Like any prophet, St Thomas also discovered that to live a prophetic life is to also embrace the state of life and vocation that God has in store for you. Like St. Paul, St Thomas understood that wisdom of the Church in her call for some men and women to embrace a celibate life to make oneself more available for service of the Church; for as St. Paul observed “an unmarried man is anxious about the affairs of the Lord, how to please the Lord… and an unmarried woman and the virgin are concerned about the affairs of the Lord, so that they may be holy in body and spirit.”
While married couples can most certainly be prophetic witnesses through living their vocations in holiness and mutual and lasting fidelity to one another, very often Our Heavenly Father asks those who have been called to the chaste celibate life to also function as His prophets, asking them embrace the same state of life of His own Divine Son and to more freely be about the prophetic work that is asked of them.
As a prophet of Divine Wisdom, one of the lasting gifts that St Thomas Aquinas left our Church was his eloquent yet humble way to speak of God that would assure the Church would not fall into theological error and begin to teach God’s People that which was against the teachings of Jesus Christ.
Very often, the work of demons will manifest itself not in outwardly displays of demonic activity like the man with an unclean spirit that Our Lord exorcised and caused the legions of Hell to tremble in fear that Christ had come to end their reign of influence over humanity.
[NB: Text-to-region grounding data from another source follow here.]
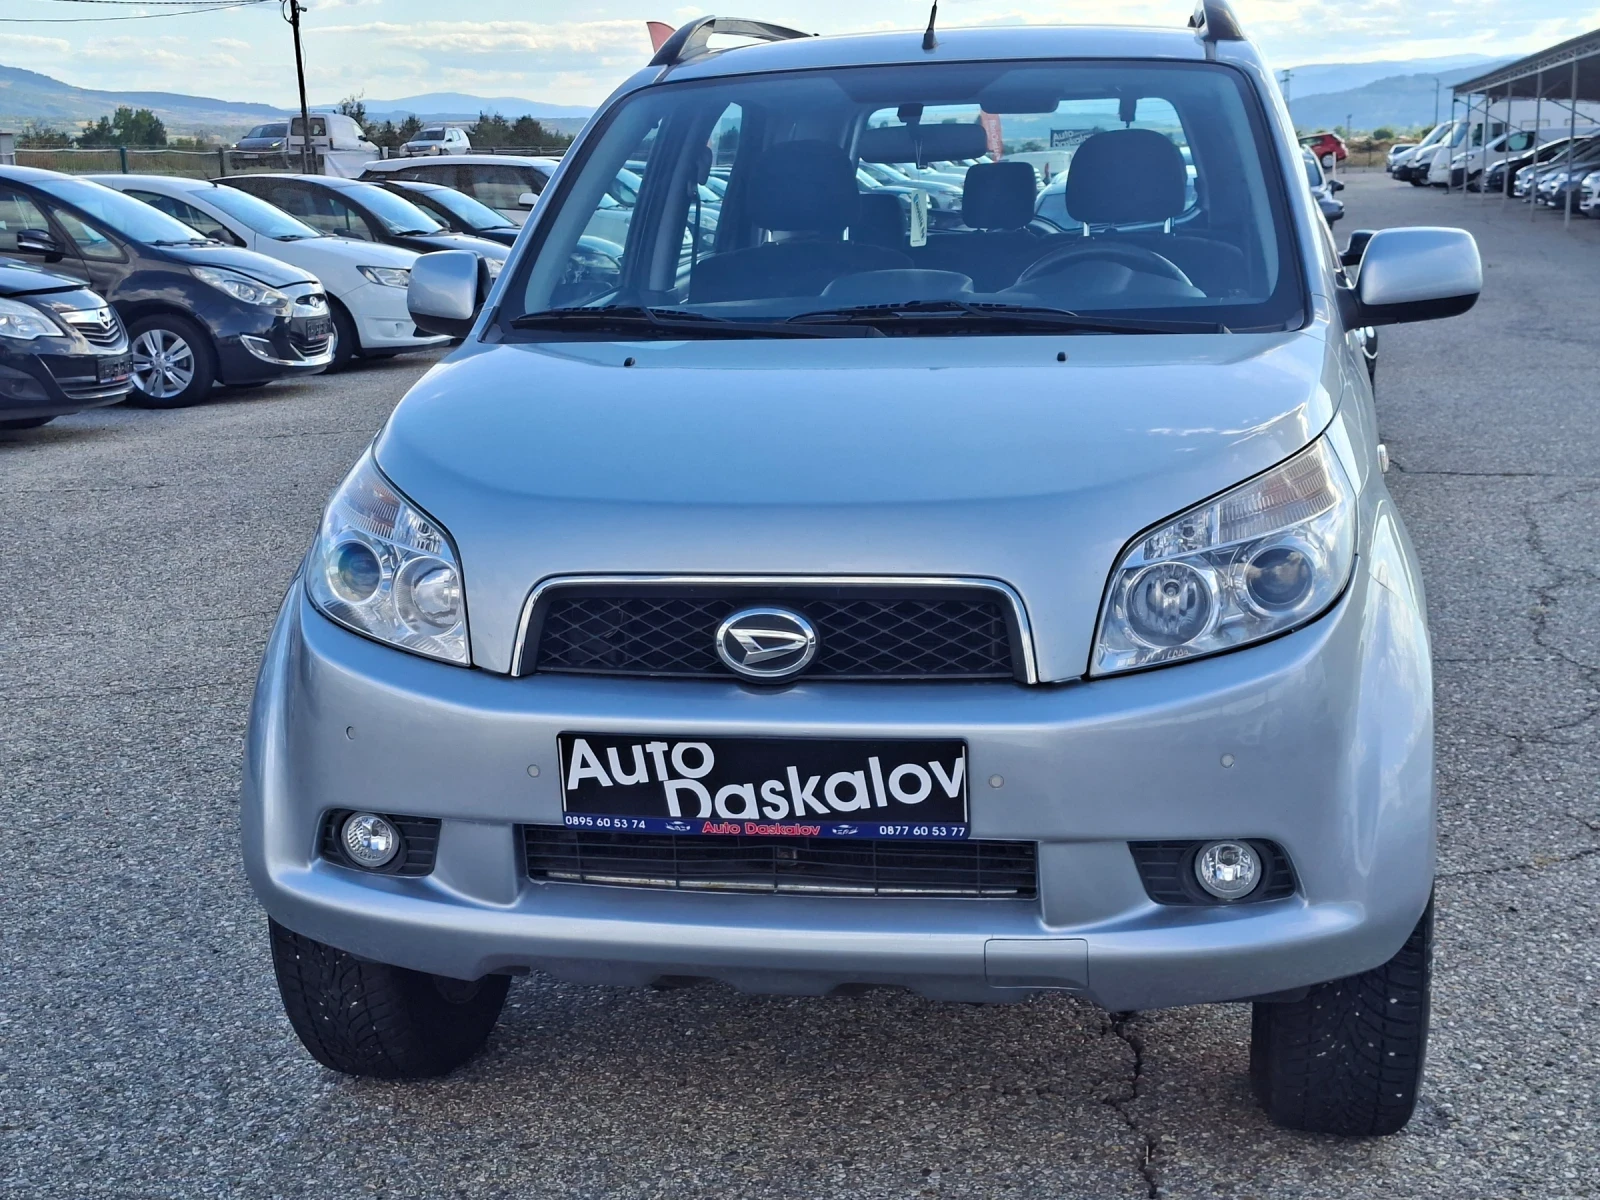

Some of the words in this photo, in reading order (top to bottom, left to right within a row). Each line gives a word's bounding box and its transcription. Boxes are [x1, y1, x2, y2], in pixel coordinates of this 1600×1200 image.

[567, 738, 715, 791] Auto
[663, 756, 965, 820] Daskalov
[565, 815, 593, 826] 0895
[596, 816, 611, 827] 60
[613, 818, 629, 829] 53
[631, 819, 646, 830] 74
[702, 820, 741, 835] Auto
[745, 822, 821, 837] Daskalov
[879, 825, 909, 836] 0877
[913, 825, 929, 836] 60
[931, 826, 947, 837] 53
[951, 826, 966, 838] 77
More often, demons will seek to sow confusion and draw souls away from Christ and the Church by causing confusion to be taught by members of the Church, often by those in positions of influence and popular prestige. In St Thomas Aquinas’ time, many renowned theologians had obtained fame and influence through teaching what appeared to be from the mouth of God, but was in fact filled with the lies of demons and caused many to drift away from the Church.
In response to the demonic errors of his day, St Thomas wrote extensively and used his prophetic gifts to explain the Catholic way in a manner that showed faith in God to be both reasonable and accessible for all of humanity to comprehend, while also humbly assuring that his writings did not contradict or go beyond what had been taught by Christ and His Church since her beginnings at Pentecost.
It is said that when St Thomas Aquinas sought divine instruction for his writing or required greater clarity and understanding from the Lord, that he would enter a church, go before the Tabernacle, and rest his head against the doors that kept safe the Sacred Body of Our Lord Jesus Christ. It was there He learned God’s wisdom; it was there that he gained the strength to be the Lord’s prophet.
May we too seek the Lord, present among us in the Holy Tabernacle, for the gifts of wisdom and understanding, for the humility to listen to the prophets who speak His word of in spirit and in truth, and that we too be open and available to the ways in which God maybe calling us to be prophets of the Lord.